Over my past five years at Elphinstone Secondary I’ve come to see good education as one of the most fundamental components of a healthy society. Education matters not just in relation to understanding the world around us, but also for learning about ourselves. I believe that true learning requires freedom and exploration because interest and enthusiasm cannot be forced. When we give students the flexibility to pursue what interests them we create freethinking individuals who believe their opinions matter and value lifelong learning.
Throughout high school, I’ve seen repeatedly that making students feel supported in accomplishing the change they want has transformative repercussions. Whether it is as members of leadership classes, organizers of climate rallies, captains of sports teams, creators of clubs, or members in executive positions, leadership opportunities serve not just to grow leaders but to impact our local and school communities. More than this, administrators and educators putting the effort in to listen to students is fundamental to engaged school communities.
The District Student Leadership Team (DSLT) is a group of students from the Sunshine Coast’s four high schools who meet with administrators to discuss student issues. We’ve grappled again and again with the challenge of helping students move from extrinsic (“I have to”) motivation to intrinsic (“I want to”) motivation…in short, how do we help students become invested in their education? Allowing students freedom and creativity in progressing their learning is one answer.
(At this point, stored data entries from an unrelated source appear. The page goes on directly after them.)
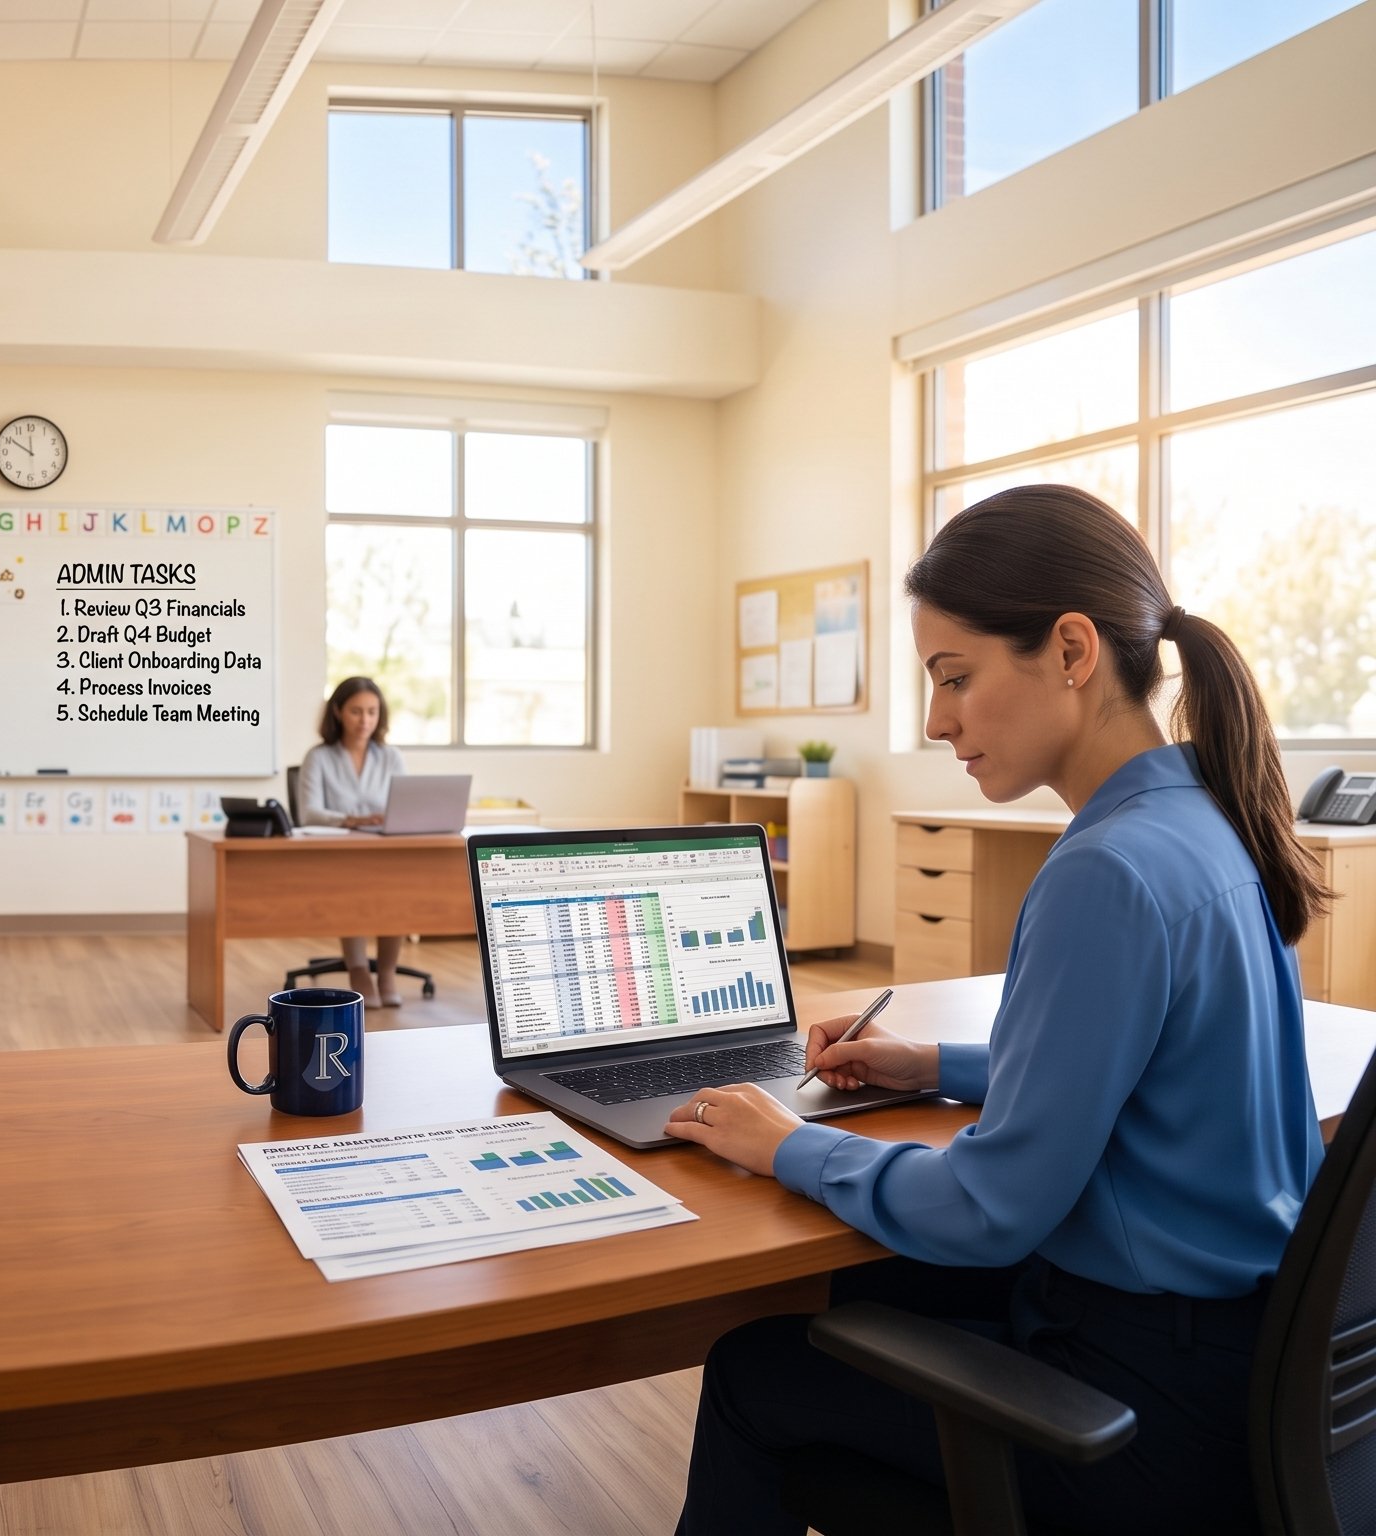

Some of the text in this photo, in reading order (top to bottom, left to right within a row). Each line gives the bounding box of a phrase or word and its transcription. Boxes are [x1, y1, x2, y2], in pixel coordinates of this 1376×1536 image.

[27, 513, 42, 531] H
[58, 513, 69, 531] I
[83, 513, 99, 531] J
[113, 513, 128, 532] K
[141, 514, 154, 532] L
[167, 515, 187, 533] M
[196, 516, 215, 534] O
[227, 516, 241, 534] P
[254, 517, 269, 536] Z
[57, 563, 197, 585] ADMIN TASKS
[61, 598, 246, 619] 1. Review Q3 Financials
[57, 625, 212, 648] 2. Draft Q4 Budget
[56, 651, 262, 674] 3. Client Onboarding Data
[56, 677, 212, 696] 4. Process Invoices
[56, 703, 260, 727] 5. Schedule Team Meeting
[315, 1033, 351, 1080] R
But more than this, the best successes I’ve seen stem from relationships. Having people that care about you at school is essential to thrive and feel welcome because they turn it from a place you have to go to into one you get too. This one characteristic goes so under-appreciated in our educators; those teachers, EAs, and other phenomenal staff (I’m looking at you Chef) who are able to transcend the basics of their role and connect on a deeper level with their students are the true role models for us young people.
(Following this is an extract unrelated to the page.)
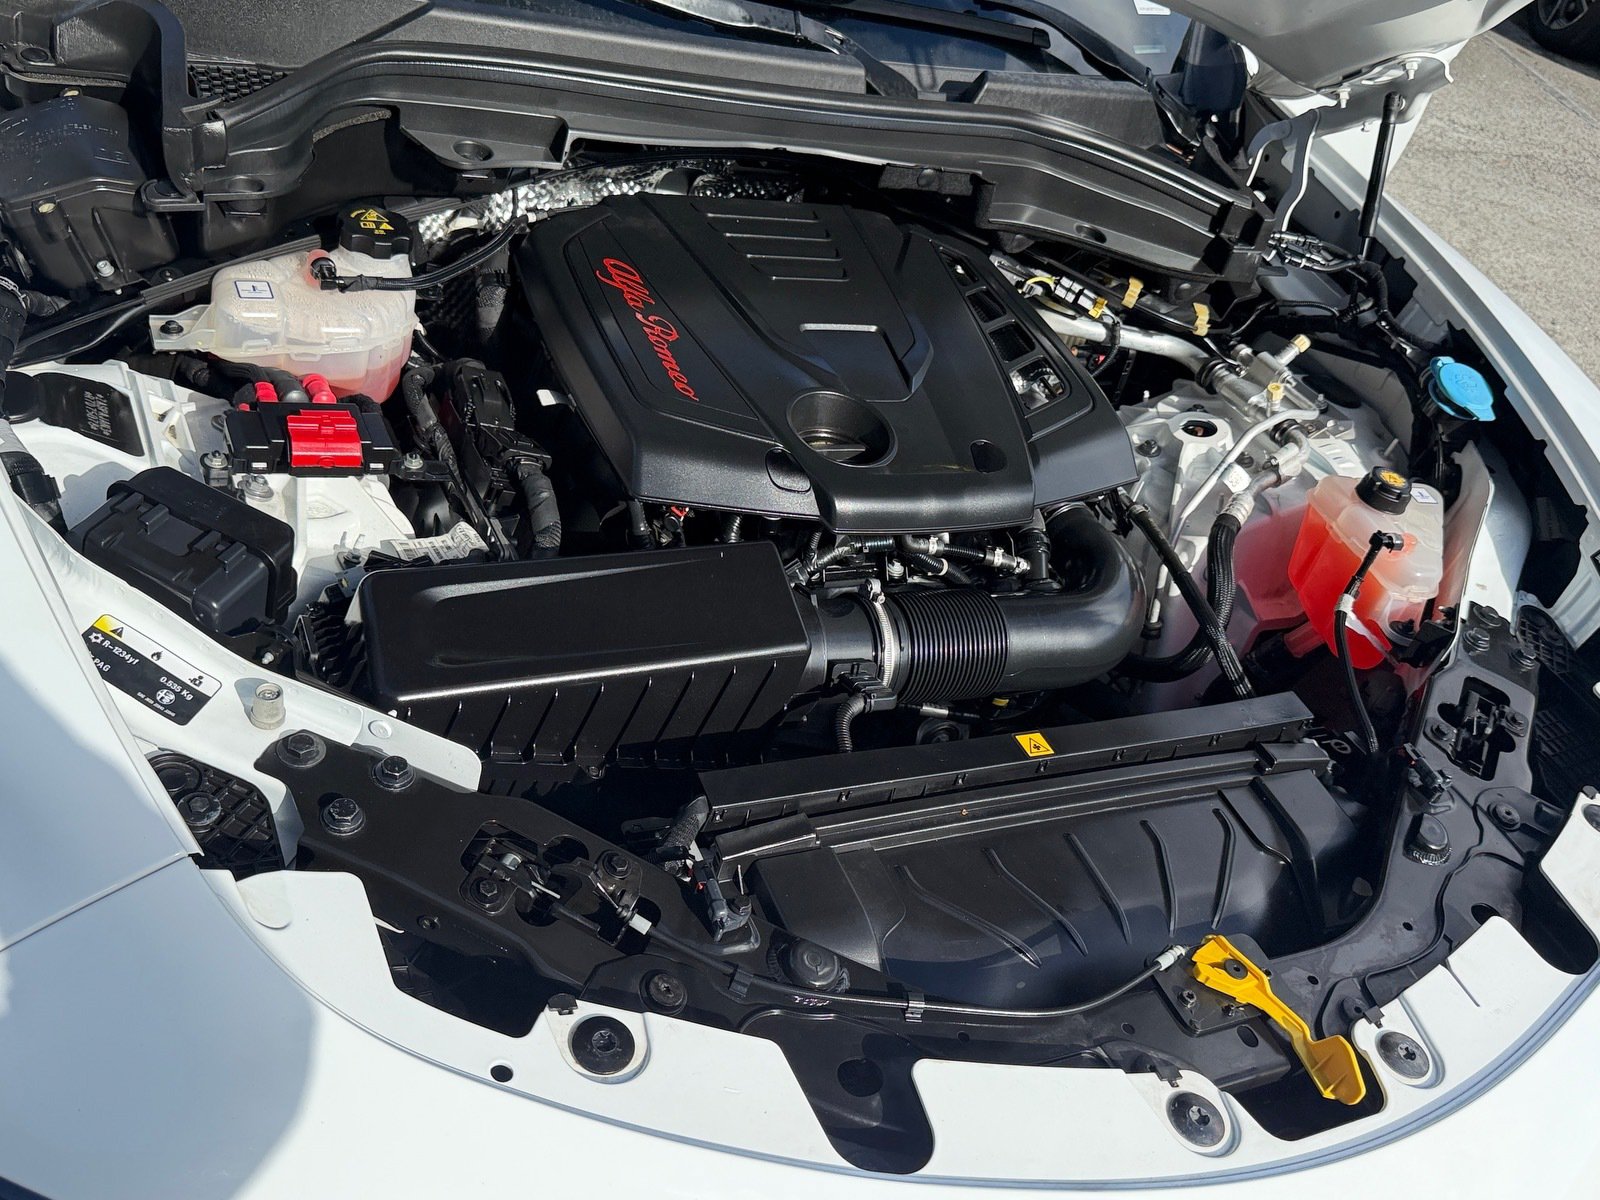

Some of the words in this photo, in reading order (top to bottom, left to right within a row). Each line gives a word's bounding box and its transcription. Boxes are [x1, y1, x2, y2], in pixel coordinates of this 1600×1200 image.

The graduating classes of Chatelech, Pender, SCAS, and Elphinstone have worked for five years to earn their diploma and developed as individuals in the process. However, it is just as important to acknowledge the educational staff who have dedicated their careers to help decades of grad classes reach this point. When I look back over the past five years of secondary school what truly stands out are the people who went above and beyond to care for and connect with me and my classmates. I couldn’t be more grateful.